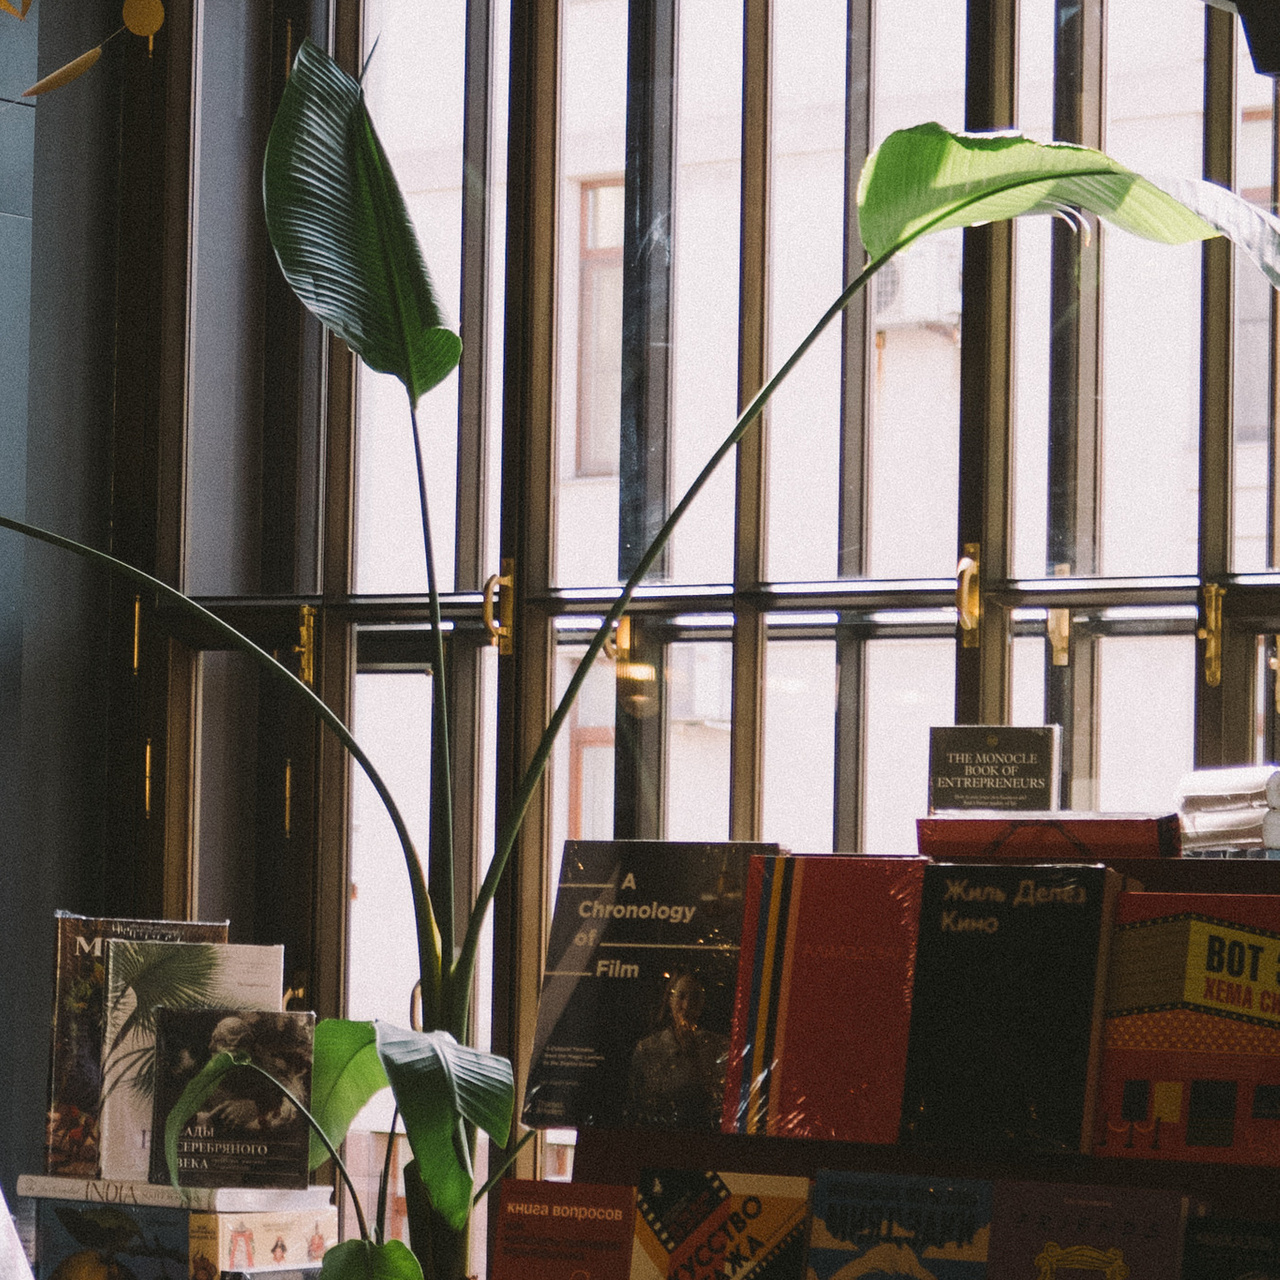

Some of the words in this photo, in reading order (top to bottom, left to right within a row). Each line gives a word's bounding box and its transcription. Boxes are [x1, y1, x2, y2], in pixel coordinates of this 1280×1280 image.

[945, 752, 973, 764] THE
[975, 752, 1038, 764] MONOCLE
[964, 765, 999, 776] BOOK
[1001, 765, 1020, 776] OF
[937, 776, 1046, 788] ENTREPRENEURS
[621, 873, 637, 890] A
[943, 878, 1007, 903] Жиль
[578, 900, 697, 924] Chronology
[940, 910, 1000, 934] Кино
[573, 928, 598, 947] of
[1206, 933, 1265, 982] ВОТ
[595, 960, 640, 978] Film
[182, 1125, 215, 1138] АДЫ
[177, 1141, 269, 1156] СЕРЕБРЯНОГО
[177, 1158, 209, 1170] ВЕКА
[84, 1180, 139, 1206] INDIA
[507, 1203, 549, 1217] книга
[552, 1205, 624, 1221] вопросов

■ ■ ■ ■ ■

__Activity__:
Every entry above is to be copied verbatim, with the pictures removed.

__Task result__:
Some of the words in this photo, in reading order (top to bottom, left to right within a row). Each line gives a word's bounding box and its transcription. Boxes are [x1, y1, x2, y2], in pixel coordinates of this 1280×1280 image.

[945, 752, 973, 764] THE
[975, 752, 1038, 764] MONOCLE
[964, 765, 999, 776] BOOK
[1001, 765, 1020, 776] OF
[937, 776, 1046, 788] ENTREPRENEURS
[621, 873, 637, 890] A
[943, 878, 1007, 903] Жиль
[578, 900, 697, 924] Chronology
[940, 910, 1000, 934] Кино
[573, 928, 598, 947] of
[1206, 933, 1265, 982] ВОТ
[595, 960, 640, 978] Film
[182, 1125, 215, 1138] АДЫ
[177, 1141, 269, 1156] СЕРЕБРЯНОГО
[177, 1158, 209, 1170] ВЕКА
[84, 1180, 139, 1206] INDIA
[507, 1203, 549, 1217] книга
[552, 1205, 624, 1221] вопросов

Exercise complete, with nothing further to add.